▸ Exercise: Write out every record below exactly as it appears, omitting the pictures.

▸ Input data:
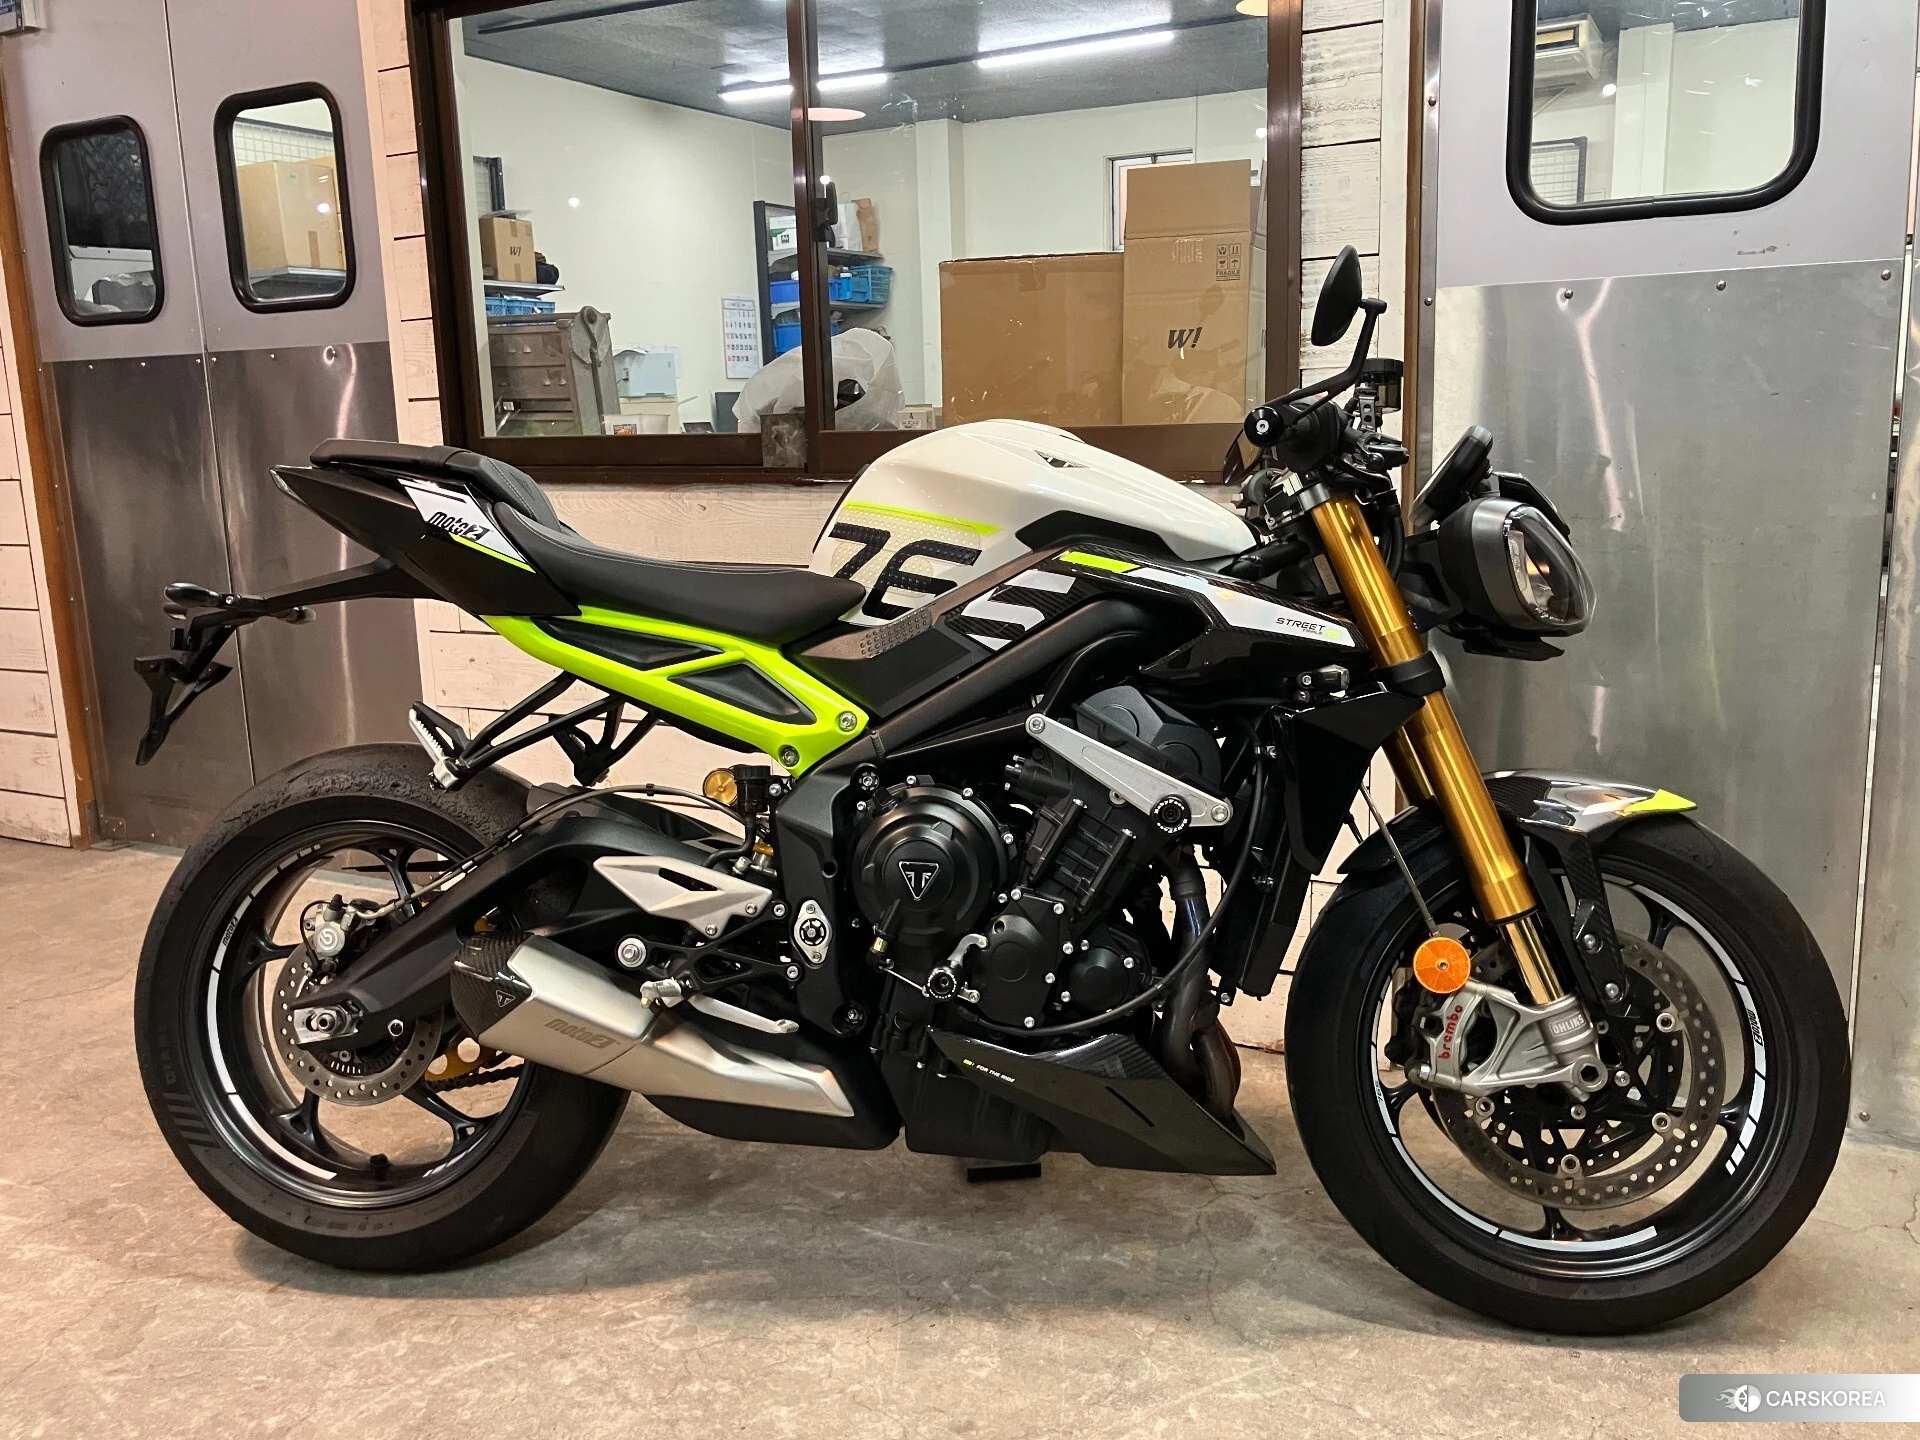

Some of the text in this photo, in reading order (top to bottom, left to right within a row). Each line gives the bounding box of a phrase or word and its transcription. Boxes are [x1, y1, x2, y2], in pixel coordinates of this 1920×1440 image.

[1167, 326, 1203, 349] W!
[1276, 617, 1327, 632] STREET
[1438, 1005, 1463, 1060] brembo
[976, 1064, 989, 1073] FOR
[989, 1069, 1001, 1078] THE

▸ Response to the task:
Some of the text in this photo, in reading order (top to bottom, left to right within a row). Each line gives the bounding box of a phrase or word and its transcription. Boxes are [x1, y1, x2, y2], in pixel coordinates of this 1920×1440 image.

[1167, 326, 1203, 349] W!
[1276, 617, 1327, 632] STREET
[1438, 1005, 1463, 1060] brembo
[976, 1064, 989, 1073] FOR
[989, 1069, 1001, 1078] THE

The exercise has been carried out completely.